(Records from a data source)
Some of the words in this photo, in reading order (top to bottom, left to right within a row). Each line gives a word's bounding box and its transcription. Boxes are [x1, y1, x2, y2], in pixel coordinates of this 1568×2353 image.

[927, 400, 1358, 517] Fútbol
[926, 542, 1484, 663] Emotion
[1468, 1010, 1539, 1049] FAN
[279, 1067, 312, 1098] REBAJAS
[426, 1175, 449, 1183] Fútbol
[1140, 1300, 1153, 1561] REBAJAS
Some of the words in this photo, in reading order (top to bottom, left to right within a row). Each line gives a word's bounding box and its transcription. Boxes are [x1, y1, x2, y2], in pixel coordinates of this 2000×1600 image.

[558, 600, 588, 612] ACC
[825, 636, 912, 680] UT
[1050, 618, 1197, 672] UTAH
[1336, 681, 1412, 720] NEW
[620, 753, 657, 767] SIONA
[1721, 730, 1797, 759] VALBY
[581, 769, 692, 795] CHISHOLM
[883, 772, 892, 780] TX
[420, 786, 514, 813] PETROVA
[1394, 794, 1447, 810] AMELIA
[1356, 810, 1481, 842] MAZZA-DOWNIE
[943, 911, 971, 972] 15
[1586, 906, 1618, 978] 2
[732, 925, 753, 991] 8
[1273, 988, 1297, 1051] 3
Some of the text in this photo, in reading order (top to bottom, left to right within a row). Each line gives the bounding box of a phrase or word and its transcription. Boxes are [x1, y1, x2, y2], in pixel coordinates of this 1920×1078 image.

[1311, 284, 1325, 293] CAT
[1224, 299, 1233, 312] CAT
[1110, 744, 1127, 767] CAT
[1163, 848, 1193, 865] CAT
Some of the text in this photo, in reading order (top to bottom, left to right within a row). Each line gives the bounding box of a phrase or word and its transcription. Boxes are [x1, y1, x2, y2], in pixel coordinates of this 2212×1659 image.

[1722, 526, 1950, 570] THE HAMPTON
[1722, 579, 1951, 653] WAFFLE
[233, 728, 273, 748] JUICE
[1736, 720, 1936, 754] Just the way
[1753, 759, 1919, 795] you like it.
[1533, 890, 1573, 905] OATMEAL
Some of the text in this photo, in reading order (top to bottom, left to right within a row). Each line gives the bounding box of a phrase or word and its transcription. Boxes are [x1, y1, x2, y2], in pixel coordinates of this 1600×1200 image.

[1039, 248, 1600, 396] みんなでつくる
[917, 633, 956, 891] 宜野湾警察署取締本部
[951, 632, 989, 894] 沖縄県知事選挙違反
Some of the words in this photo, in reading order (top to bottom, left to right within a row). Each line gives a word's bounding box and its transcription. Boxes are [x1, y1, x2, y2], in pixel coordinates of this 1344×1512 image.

» Task requirements: Every line above is to be duplicated exactly as shown.

» Finished task:
Some of the words in this photo, in reading order (top to bottom, left to right within a row). Each line gives a word's bounding box and its transcription. Boxes are [x1, y1, x2, y2], in pixel coordinates of this 1568×2353 image.

[927, 400, 1358, 517] Fútbol
[926, 542, 1484, 663] Emotion
[1468, 1010, 1539, 1049] FAN
[279, 1067, 312, 1098] REBAJAS
[426, 1175, 449, 1183] Fútbol
[1140, 1300, 1153, 1561] REBAJAS
Some of the words in this photo, in reading order (top to bottom, left to right within a row). Each line gives a word's bounding box and its transcription. Boxes are [x1, y1, x2, y2], in pixel coordinates of this 2000×1600 image.

[558, 600, 588, 612] ACC
[825, 636, 912, 680] UT
[1050, 618, 1197, 672] UTAH
[1336, 681, 1412, 720] NEW
[620, 753, 657, 767] SIONA
[1721, 730, 1797, 759] VALBY
[581, 769, 692, 795] CHISHOLM
[883, 772, 892, 780] TX
[420, 786, 514, 813] PETROVA
[1394, 794, 1447, 810] AMELIA
[1356, 810, 1481, 842] MAZZA-DOWNIE
[943, 911, 971, 972] 15
[1586, 906, 1618, 978] 2
[732, 925, 753, 991] 8
[1273, 988, 1297, 1051] 3
Some of the text in this photo, in reading order (top to bottom, left to right within a row). Each line gives the bounding box of a phrase or word and its transcription. Boxes are [x1, y1, x2, y2], in pixel coordinates of this 1920×1078 image.

[1311, 284, 1325, 293] CAT
[1224, 299, 1233, 312] CAT
[1110, 744, 1127, 767] CAT
[1163, 848, 1193, 865] CAT
Some of the text in this photo, in reading order (top to bottom, left to right within a row). Each line gives the bounding box of a phrase or word and its transcription. Boxes are [x1, y1, x2, y2], in pixel coordinates of this 2212×1659 image.

[1722, 526, 1950, 570] THE HAMPTON
[1722, 579, 1951, 653] WAFFLE
[233, 728, 273, 748] JUICE
[1736, 720, 1936, 754] Just the way
[1753, 759, 1919, 795] you like it.
[1533, 890, 1573, 905] OATMEAL
Some of the text in this photo, in reading order (top to bottom, left to right within a row). Each line gives the bounding box of a phrase or word and its transcription. Boxes are [x1, y1, x2, y2], in pixel coordinates of this 1600×1200 image.

[1039, 248, 1600, 396] みんなでつくる
[917, 633, 956, 891] 宜野湾警察署取締本部
[951, 632, 989, 894] 沖縄県知事選挙違反
Some of the words in this photo, in reading order (top to bottom, left to right within a row). Each line gives a word's bounding box and its transcription. Boxes are [x1, y1, x2, y2], in pixel coordinates of this 1344×1512 image.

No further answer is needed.